WORK REQUEST: Using the line that contains "Some of the text" as the first line and the last line of the data as the final one, give every line in that range again exactly.

[Stored dataset items]
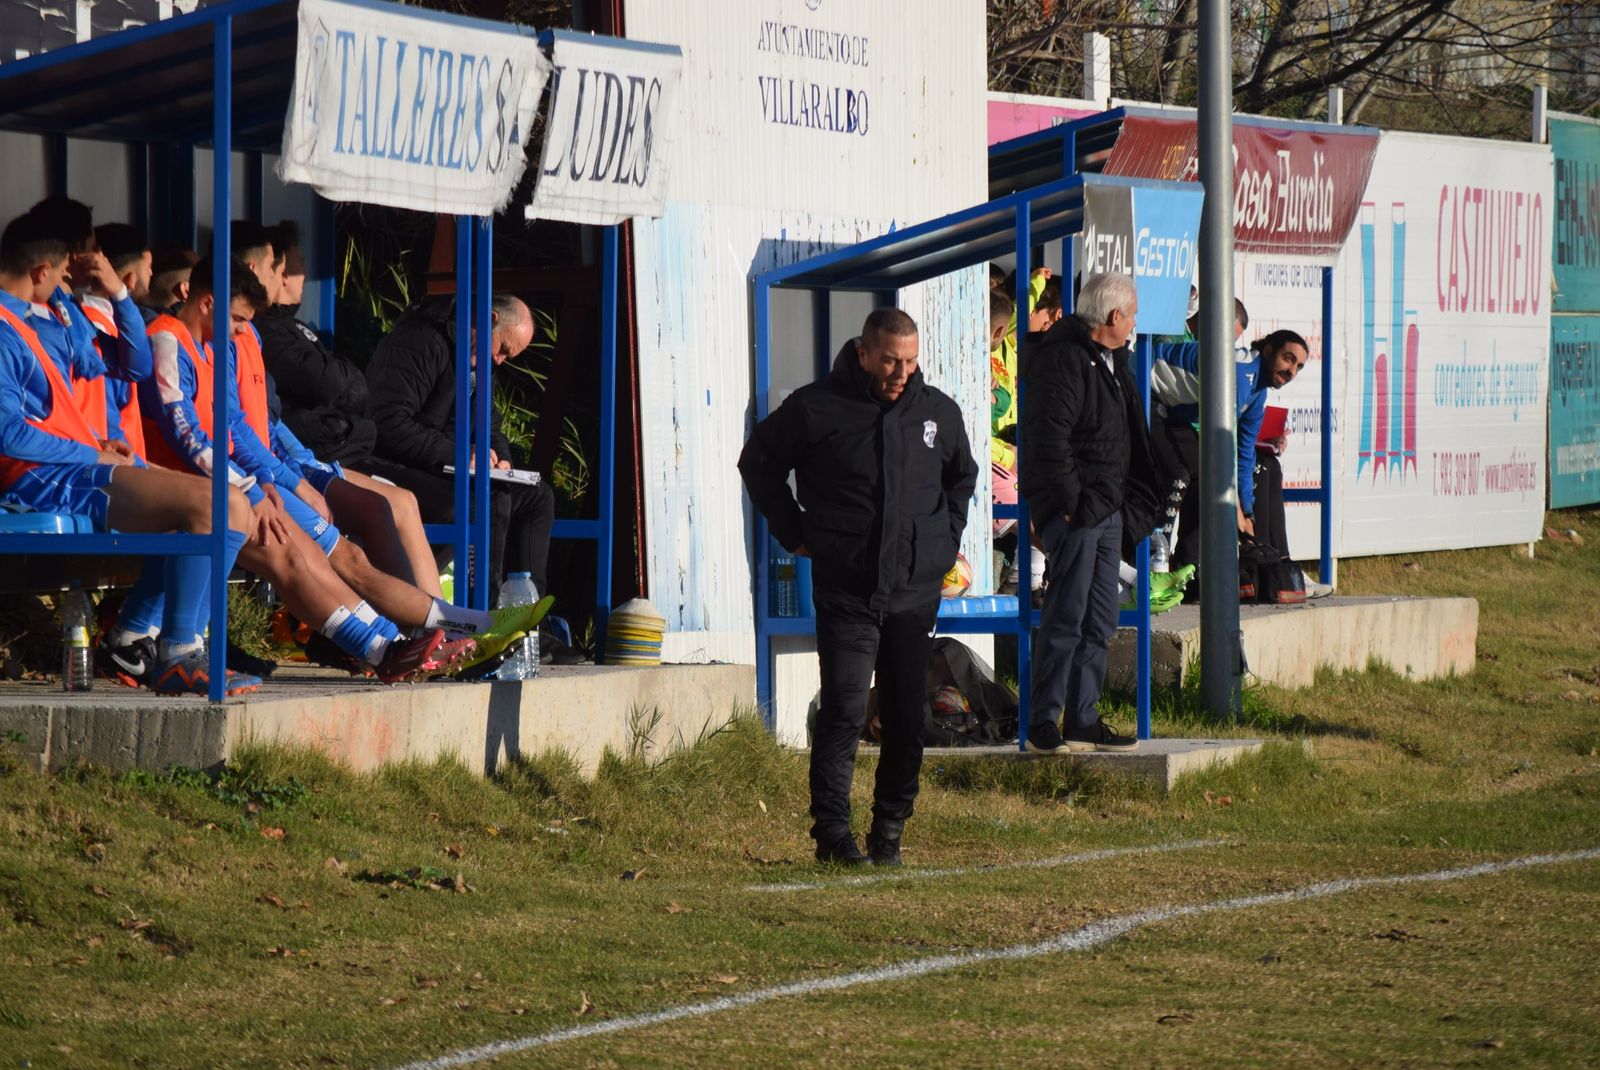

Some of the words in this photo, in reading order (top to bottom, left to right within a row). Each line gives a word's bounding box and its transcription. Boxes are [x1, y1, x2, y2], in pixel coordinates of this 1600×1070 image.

[757, 21, 851, 65] AYUNTAMIENTO
[852, 36, 869, 67] DE
[333, 30, 490, 173] TALLERES
[757, 75, 869, 136] VILLARALBO
[1232, 144, 1273, 230] asa
[1270, 150, 1335, 234] Aurelia
[1437, 184, 1543, 316] CASTILVIEJO
[1434, 338, 1487, 408] corredores
[1490, 338, 1501, 407] de
[1504, 363, 1538, 422] seguros
[1292, 400, 1338, 446] empotros
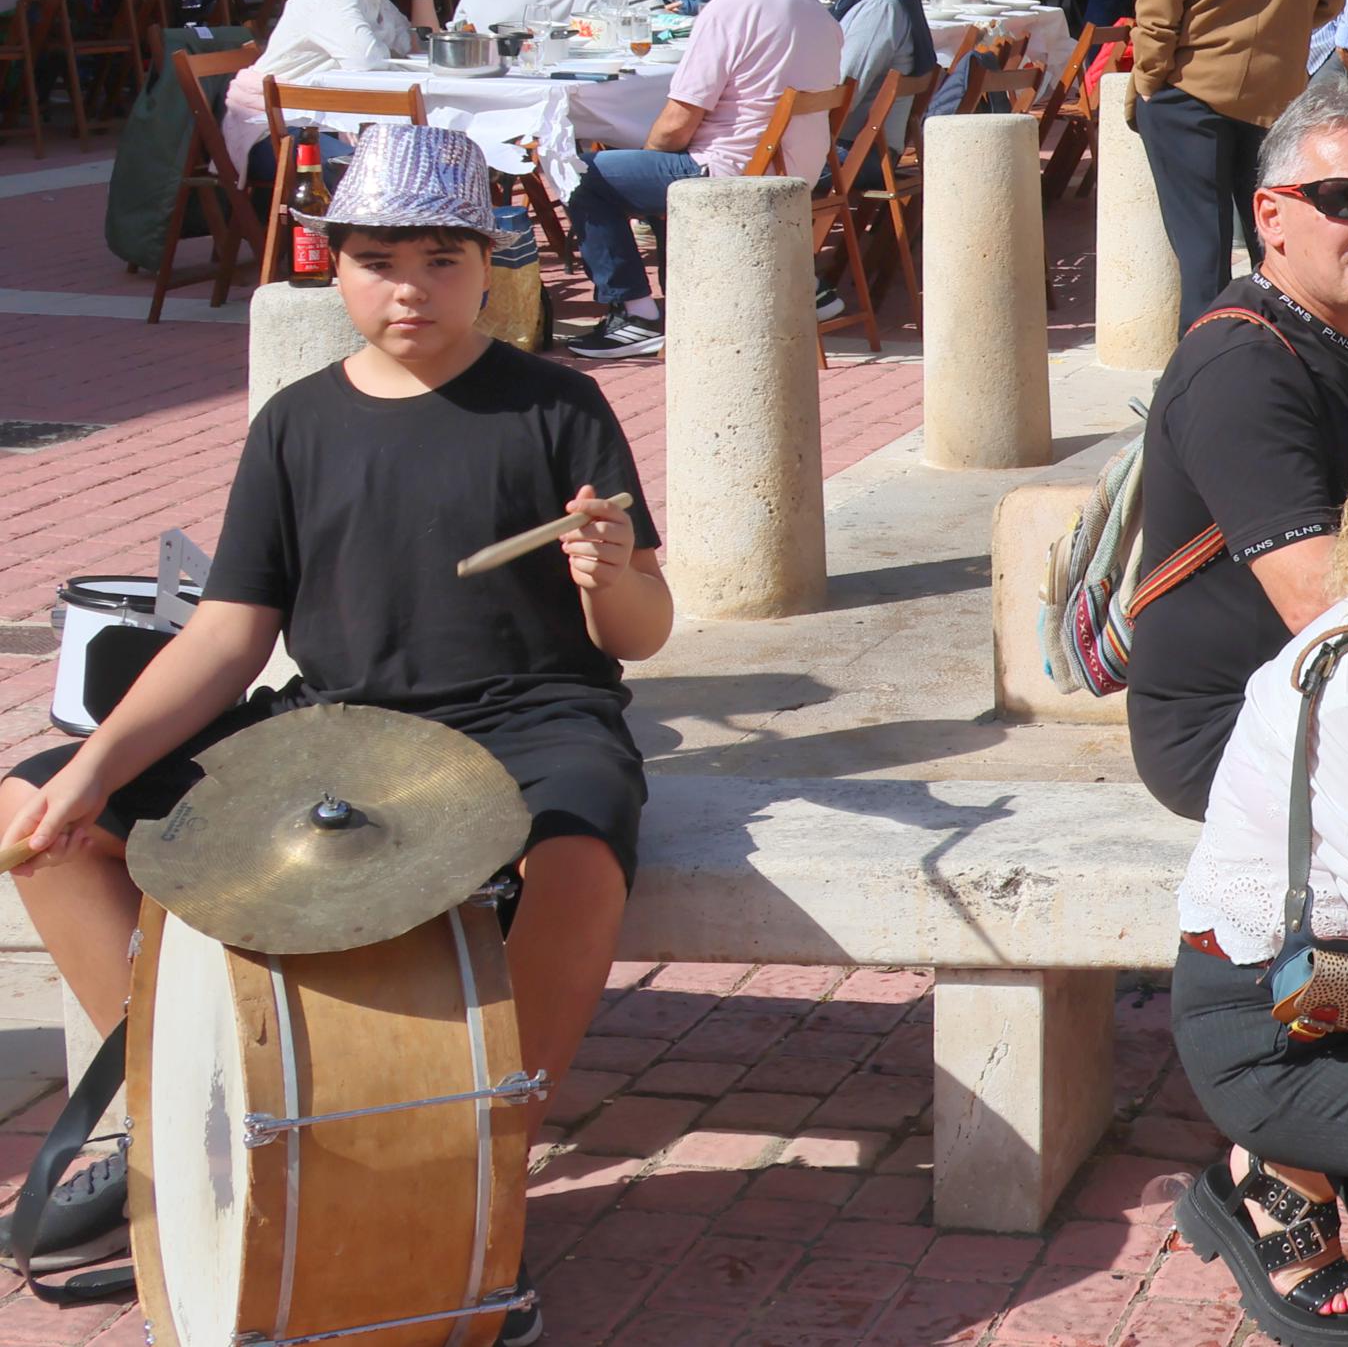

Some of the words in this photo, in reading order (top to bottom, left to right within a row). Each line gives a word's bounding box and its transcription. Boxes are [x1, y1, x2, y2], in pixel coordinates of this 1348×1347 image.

[1279, 294, 1313, 322] PLNS
[1244, 539, 1274, 557] PLNS
[1285, 524, 1323, 540] PLNS
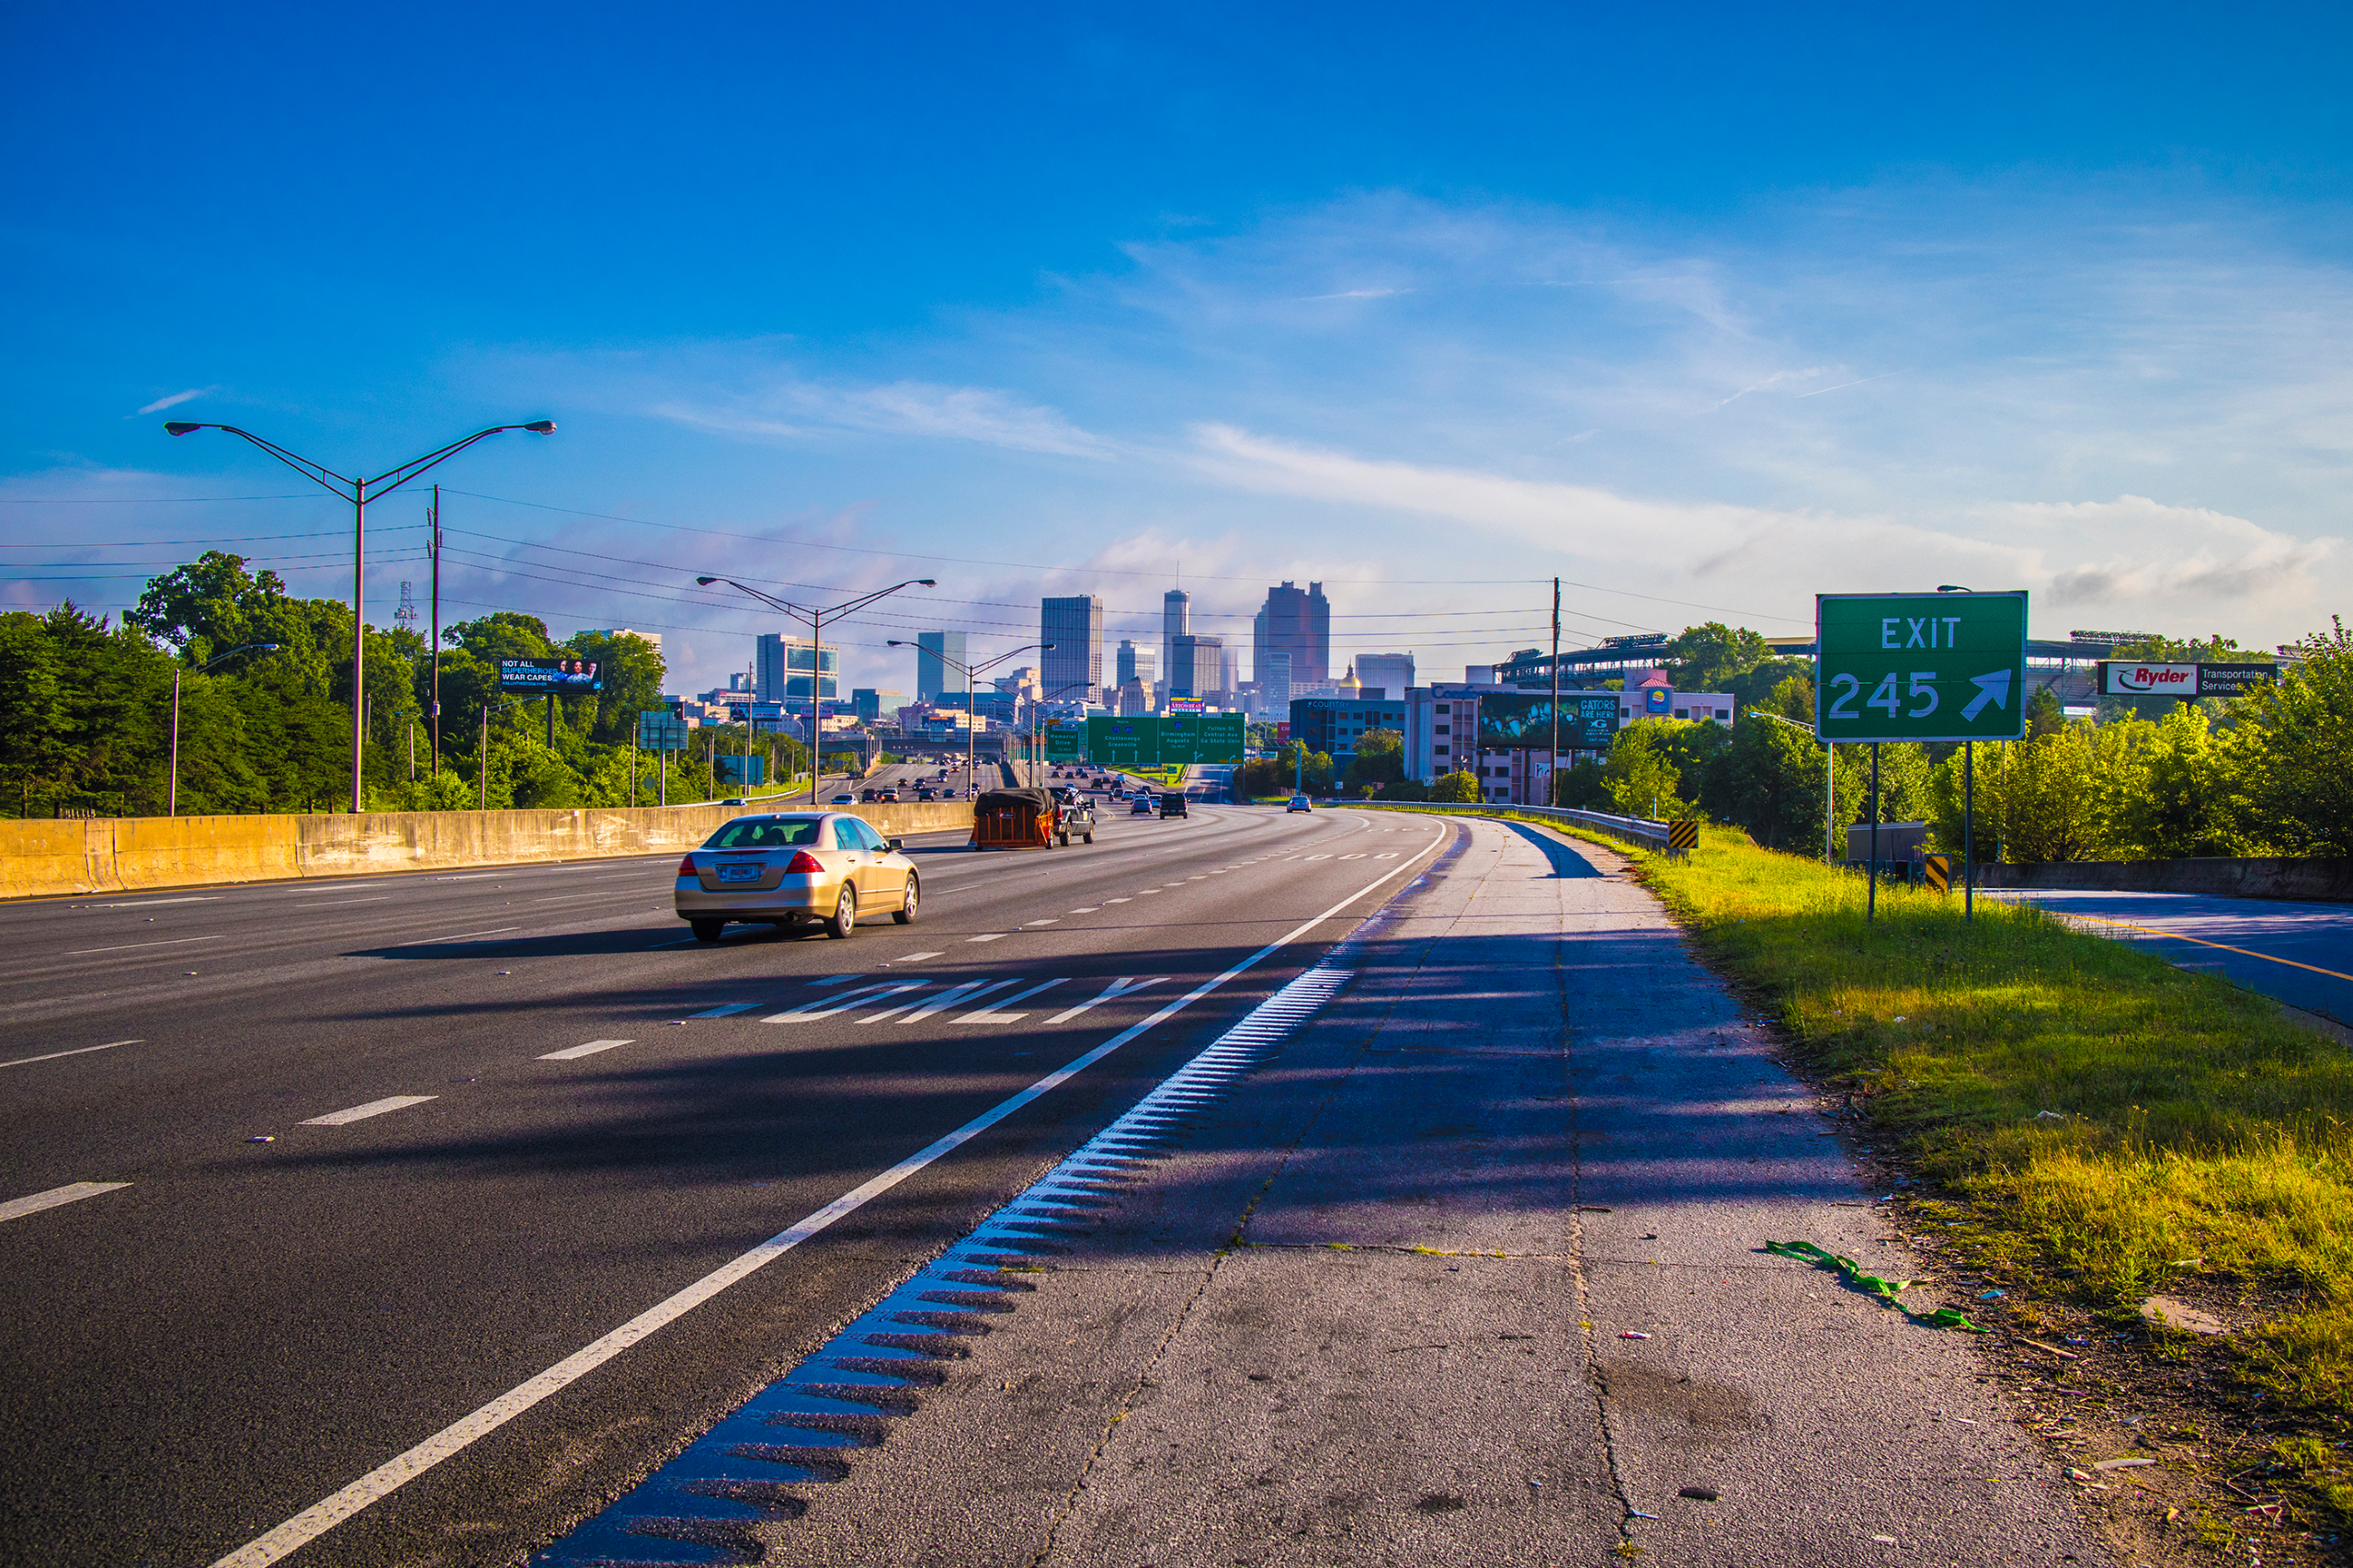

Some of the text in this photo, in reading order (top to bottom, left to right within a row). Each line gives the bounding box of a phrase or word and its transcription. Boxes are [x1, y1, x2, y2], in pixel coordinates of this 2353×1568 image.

[1881, 617, 1961, 649] EXIT
[502, 660, 518, 668] NOT
[2134, 667, 2189, 687] Ryder
[2201, 668, 2268, 680] Transportation
[2201, 681, 2241, 691] Service
[1828, 672, 1939, 719] 245
[1581, 699, 1616, 710] GATORS
[1581, 710, 1615, 719] ARE HERE
[760, 976, 1171, 1024] ONLY

OUTPUT OF THE EXERCISE:
Some of the text in this photo, in reading order (top to bottom, left to right within a row). Each line gives the bounding box of a phrase or word and its transcription. Boxes are [x1, y1, x2, y2], in pixel coordinates of this 2353×1568 image.

[1881, 617, 1961, 649] EXIT
[502, 660, 518, 668] NOT
[2134, 667, 2189, 687] Ryder
[2201, 668, 2268, 680] Transportation
[2201, 681, 2241, 691] Service
[1828, 672, 1939, 719] 245
[1581, 699, 1616, 710] GATORS
[1581, 710, 1615, 719] ARE HERE
[760, 976, 1171, 1024] ONLY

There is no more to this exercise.